By OGJ editors
HOUSTON, June 19 -- Continued improvements in the Gulf of Mexico market for jack up rigs inched up the Summary of Current Offshore Rig Economics (SCORE) by 1% worldwide for all classes of rigs in May over April, said officials at GlobalSantaFe Corp., Houston.
"This month's SCORE shows continued improvement in the Gulf of Mexico jack up market, as the cash-flow sensitive independents ramp up their 2002 gulf-based drilling programs following several months of stable U.S. natural gas prices," said C. Stedman Garber Jr., president and CEO of GlobalSantaFe.
"With heightened gulf drilling activity reducing excess jack up capacity, the concern subsides that gulf-based rigs will move internationally and upset the balance of rigs in those markets," he said. "On the other hand, the (semisubmersible rig) market in the North Sea is beginning to show signs of softness, as the major oil companies pull back spending to prioritize their best drilling prospects."

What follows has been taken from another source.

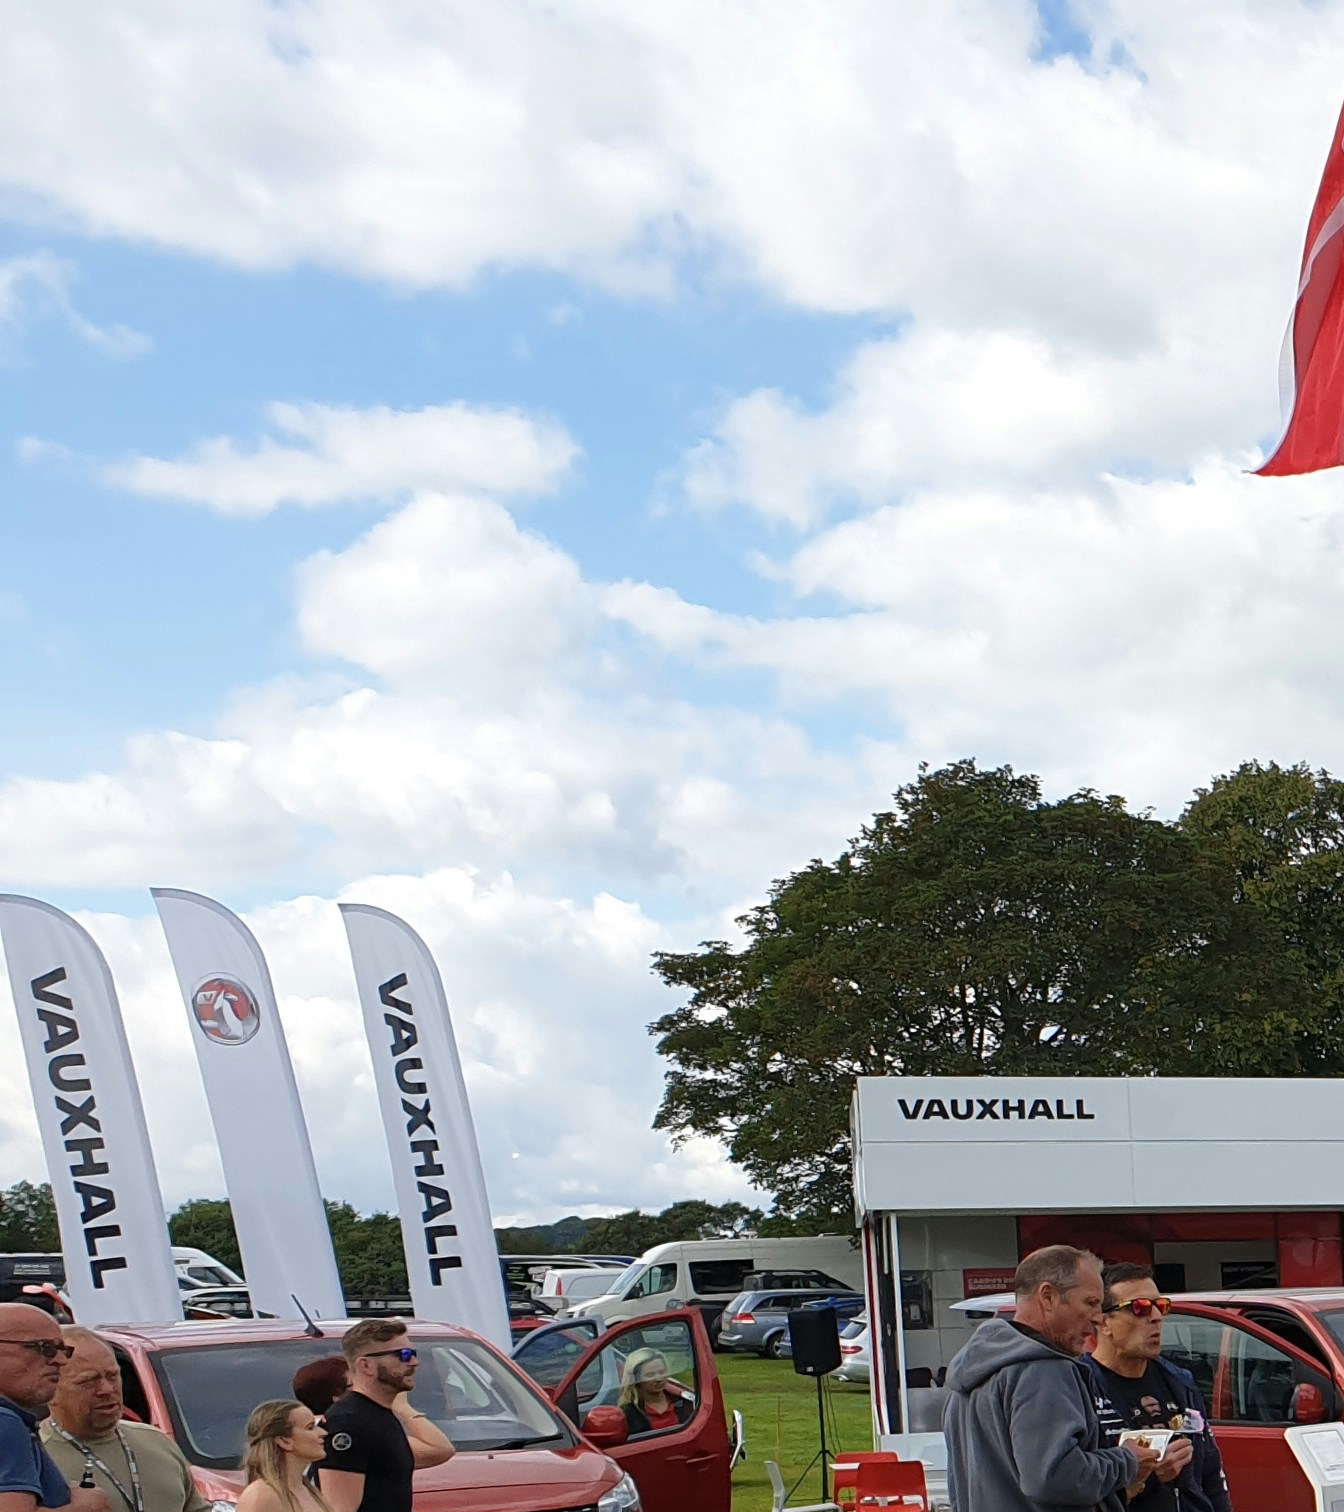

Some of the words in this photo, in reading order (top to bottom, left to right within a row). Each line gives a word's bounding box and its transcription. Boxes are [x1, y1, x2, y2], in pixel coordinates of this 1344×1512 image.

[31, 966, 128, 1290] VAUXHALL
[378, 973, 463, 1287] VAUXHALL
[897, 1099, 1096, 1121] VAUXHALL
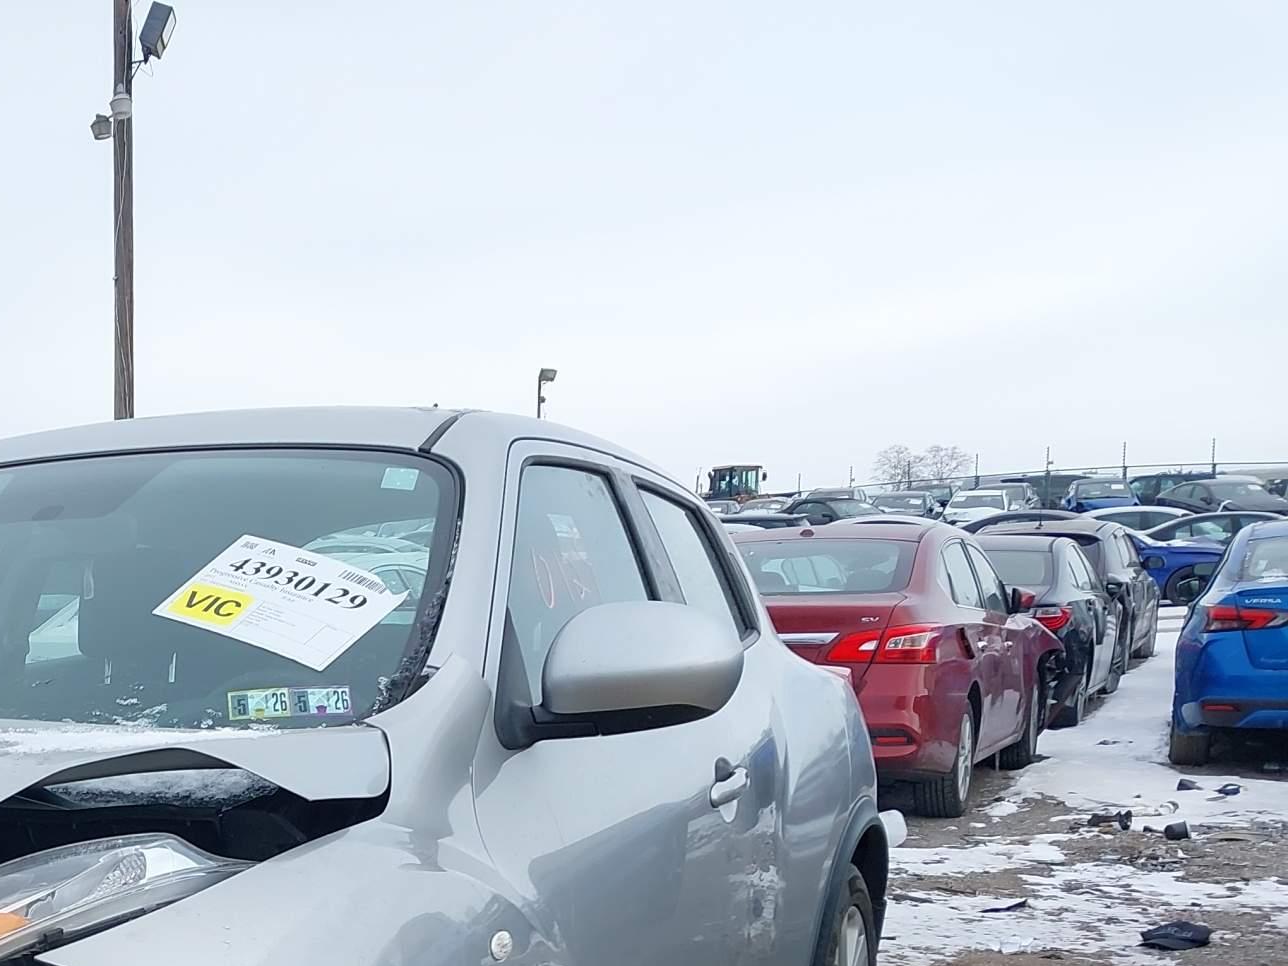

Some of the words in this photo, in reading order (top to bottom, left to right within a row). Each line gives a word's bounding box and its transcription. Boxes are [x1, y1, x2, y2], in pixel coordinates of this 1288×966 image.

GlobalSantaFe's SCORE compares the profitability of current mobile offshore drilling rig day rates with the 1980-81 peak in offshore drilling, when new contract day rates equaled daily cash operating costs plus $700/day for each $1 million invested in a rig.
The Gulf of Mexico showed the biggest improvement for May, up 7.5% for all classes of rigs to a SCORE of 30.5. West Africa also improved, by 6.2% to 55.8 for all rig classes. However, Southeast Asia was down 4.9% to 52.3 for the month, and the North Sea dropped 2.1% to 51.9 for all rig classes.
Jack up rigs' SCORE worldwide improved by 2.7% to 46.3, while semisubmersibles dipped by 0.9% to 41.6.